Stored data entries
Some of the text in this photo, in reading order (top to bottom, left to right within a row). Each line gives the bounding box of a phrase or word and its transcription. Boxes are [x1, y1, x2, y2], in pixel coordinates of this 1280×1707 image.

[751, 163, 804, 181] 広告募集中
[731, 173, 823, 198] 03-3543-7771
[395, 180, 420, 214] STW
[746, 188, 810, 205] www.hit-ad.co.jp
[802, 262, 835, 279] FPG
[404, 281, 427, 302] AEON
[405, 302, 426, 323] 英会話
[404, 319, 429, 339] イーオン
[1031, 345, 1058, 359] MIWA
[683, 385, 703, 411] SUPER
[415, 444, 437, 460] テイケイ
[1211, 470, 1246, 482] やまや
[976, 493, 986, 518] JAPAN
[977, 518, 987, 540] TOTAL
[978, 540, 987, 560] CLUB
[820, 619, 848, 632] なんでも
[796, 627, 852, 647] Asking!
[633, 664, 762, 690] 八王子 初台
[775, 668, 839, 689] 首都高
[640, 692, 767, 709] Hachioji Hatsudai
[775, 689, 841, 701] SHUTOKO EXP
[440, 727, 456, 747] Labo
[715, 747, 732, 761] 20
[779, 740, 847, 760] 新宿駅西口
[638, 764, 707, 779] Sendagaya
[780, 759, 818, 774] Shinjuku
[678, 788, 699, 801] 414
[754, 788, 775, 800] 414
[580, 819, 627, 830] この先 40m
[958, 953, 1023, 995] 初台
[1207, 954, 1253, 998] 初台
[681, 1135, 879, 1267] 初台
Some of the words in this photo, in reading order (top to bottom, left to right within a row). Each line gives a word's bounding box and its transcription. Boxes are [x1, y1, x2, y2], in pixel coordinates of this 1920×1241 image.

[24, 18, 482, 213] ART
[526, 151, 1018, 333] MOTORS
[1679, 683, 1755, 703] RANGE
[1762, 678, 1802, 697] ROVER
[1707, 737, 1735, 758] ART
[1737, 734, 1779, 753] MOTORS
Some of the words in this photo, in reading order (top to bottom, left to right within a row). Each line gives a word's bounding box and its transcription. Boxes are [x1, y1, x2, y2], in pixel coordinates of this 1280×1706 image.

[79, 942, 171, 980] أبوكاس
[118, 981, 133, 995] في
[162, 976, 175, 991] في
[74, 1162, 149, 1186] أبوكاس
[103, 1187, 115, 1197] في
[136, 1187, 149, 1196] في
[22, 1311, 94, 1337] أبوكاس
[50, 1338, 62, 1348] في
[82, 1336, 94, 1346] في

Problem details - Could all of the entries be retyped word for word?

Answer area -
Some of the text in this photo, in reading order (top to bottom, left to right within a row). Each line gives the bounding box of a phrase or word and its transcription. Boxes are [x1, y1, x2, y2], in pixel coordinates of this 1280×1707 image.

[751, 163, 804, 181] 広告募集中
[731, 173, 823, 198] 03-3543-7771
[395, 180, 420, 214] STW
[746, 188, 810, 205] www.hit-ad.co.jp
[802, 262, 835, 279] FPG
[404, 281, 427, 302] AEON
[405, 302, 426, 323] 英会話
[404, 319, 429, 339] イーオン
[1031, 345, 1058, 359] MIWA
[683, 385, 703, 411] SUPER
[415, 444, 437, 460] テイケイ
[1211, 470, 1246, 482] やまや
[976, 493, 986, 518] JAPAN
[977, 518, 987, 540] TOTAL
[978, 540, 987, 560] CLUB
[820, 619, 848, 632] なんでも
[796, 627, 852, 647] Asking!
[633, 664, 762, 690] 八王子 初台
[775, 668, 839, 689] 首都高
[640, 692, 767, 709] Hachioji Hatsudai
[775, 689, 841, 701] SHUTOKO EXP
[440, 727, 456, 747] Labo
[715, 747, 732, 761] 20
[779, 740, 847, 760] 新宿駅西口
[638, 764, 707, 779] Sendagaya
[780, 759, 818, 774] Shinjuku
[678, 788, 699, 801] 414
[754, 788, 775, 800] 414
[580, 819, 627, 830] この先 40m
[958, 953, 1023, 995] 初台
[1207, 954, 1253, 998] 初台
[681, 1135, 879, 1267] 初台
Some of the words in this photo, in reading order (top to bottom, left to right within a row). Each line gives a word's bounding box and its transcription. Boxes are [x1, y1, x2, y2], in pixel coordinates of this 1920×1241 image.

[24, 18, 482, 213] ART
[526, 151, 1018, 333] MOTORS
[1679, 683, 1755, 703] RANGE
[1762, 678, 1802, 697] ROVER
[1707, 737, 1735, 758] ART
[1737, 734, 1779, 753] MOTORS
Some of the words in this photo, in reading order (top to bottom, left to right within a row). Each line gives a word's bounding box and its transcription. Boxes are [x1, y1, x2, y2], in pixel coordinates of this 1280×1706 image.

[79, 942, 171, 980] أبوكاس
[118, 981, 133, 995] في
[162, 976, 175, 991] في
[74, 1162, 149, 1186] أبوكاس
[103, 1187, 115, 1197] في
[136, 1187, 149, 1196] في
[22, 1311, 94, 1337] أبوكاس
[50, 1338, 62, 1348] في
[82, 1336, 94, 1346] في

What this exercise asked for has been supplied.